Why OpenBSD? It's something new, it's minimal, and it's well documented. If you are unaware of the OpenBSD mentality, check out the OpenBSD project goals. I dual-boot Linux and Windows on my Desktop, plus I'll soon be running Solaris on a separate machine, so I feel the need to cover all my bases. However, I would like to see how well Debian GNU/Linux runs on it...
Update: I'm now running Ubuntu Linux on my Powerbook (via a network install) and I'm enjoying it.
I have a Apple Powerbook G3 (Firewire), or "Pismo," with a 18.6 GB hard drive and 768 MB of RAM. I have no working CD-ROM so I have to partition and install the operating systems via "target disk mode," where I plug my laptop into an extra Mac, which thinks it's a regular old FireWire hard drive. In this case, the extra Mac was a shiny new G5.
yaboot, the bootloader that lets me pick which OS I want to use when starting my Powerbook, recommends having its own partition. Too bad I'm not using Linux at all, otherwise using this would be easy.
I put my Powerbook into target disk mode, plugged it into an extra Mac and partitioned it with Apple's Disk Utility:
I'll be giving OpenBSD about 500 MB of swap.
After partitioning I popped in the first Panther CD and restarted while holding down the "C" key to boot from CD. I slimmed down the Mac OS X install as much as I could to speed up install time.
One really interesting thing was that during and after installation my Powerbook's Mac OS X partition became "blessed" and caused the host extra mac to boot from it. I was afraid that the installer would do some sort of G5-specific stuff, but everything went smoothly. I took advantage of the G5's muscle and made my laptop fully up-to-date while it was plugged in.
Software install checklist:
As a final interesting note, I forgot to install the developer tools and thus had to plug my Powerbook back into the extra Mac later on. I started the extra Mac up while holding the "z" key to make it look for an attached temporary device to boot from.
I followed the instructions at OpenBSD/macppc and at OpenBSD/ibook. After install OS X, I copied
"ofwboot," "bsd" and "bsd.rd" to the root of my HFS+ partition for Mac OS X from the OpenBSD/macppc FTP site. I rebooted
into OpenFirmware and typed "boot
hd:,ofwboot bsd.rd" and bam! An OpenBSD installer!

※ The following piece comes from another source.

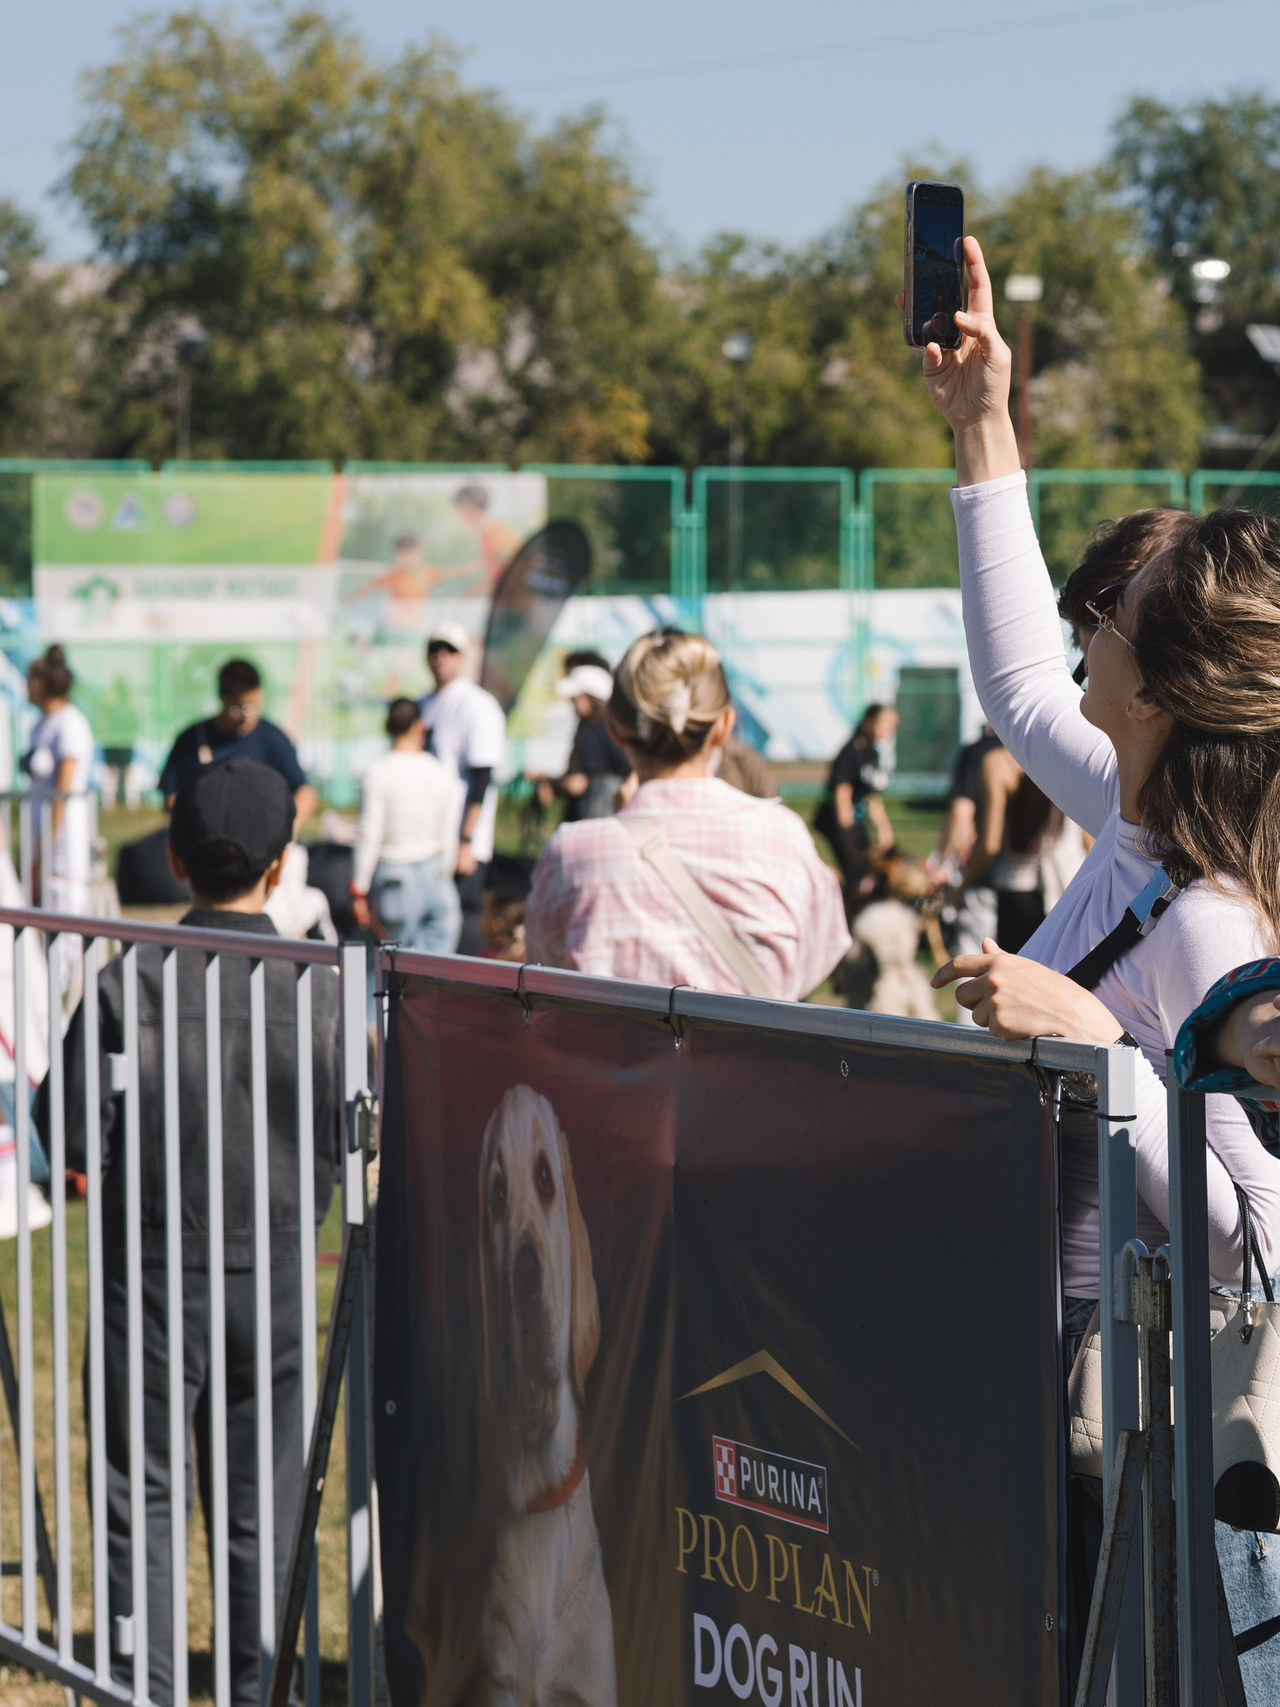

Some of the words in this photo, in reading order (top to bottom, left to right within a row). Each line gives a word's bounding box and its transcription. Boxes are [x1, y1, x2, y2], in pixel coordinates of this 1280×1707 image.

[675, 1507, 758, 1593] PRO
[693, 1612, 783, 1707] DOG
[788, 1643, 862, 1707] RUN

Personal notes on the install:
After installation, the brightness keys work when striking them repeatedly (not when
holding them down). "startx" should work out of the box, too. Control-click on
the mouse won't work, but an external USB mouse with scrollwheel will.
In the XF86Config-4 I had to set the device driver to "r128." I also changed the DefaultDepth to 24 instead of 8. This causes some serious weirdness in the console, however.
Almost all of yaboot's documentation assumes that you're going to install yaboot on a separate, devoted bootstrap partition and that you're going to run the yaboot configuration commands from Linux. I'm doing neither.
The yaboot HOWTO quickly mentions that using yaboot without a dedicated partition isn't supported, suggested, or probably moral. Also, you need to be running Linux to execute their tools. I'm stuck for now...
Update: I never got yaboot to do OpenBSD. Bah.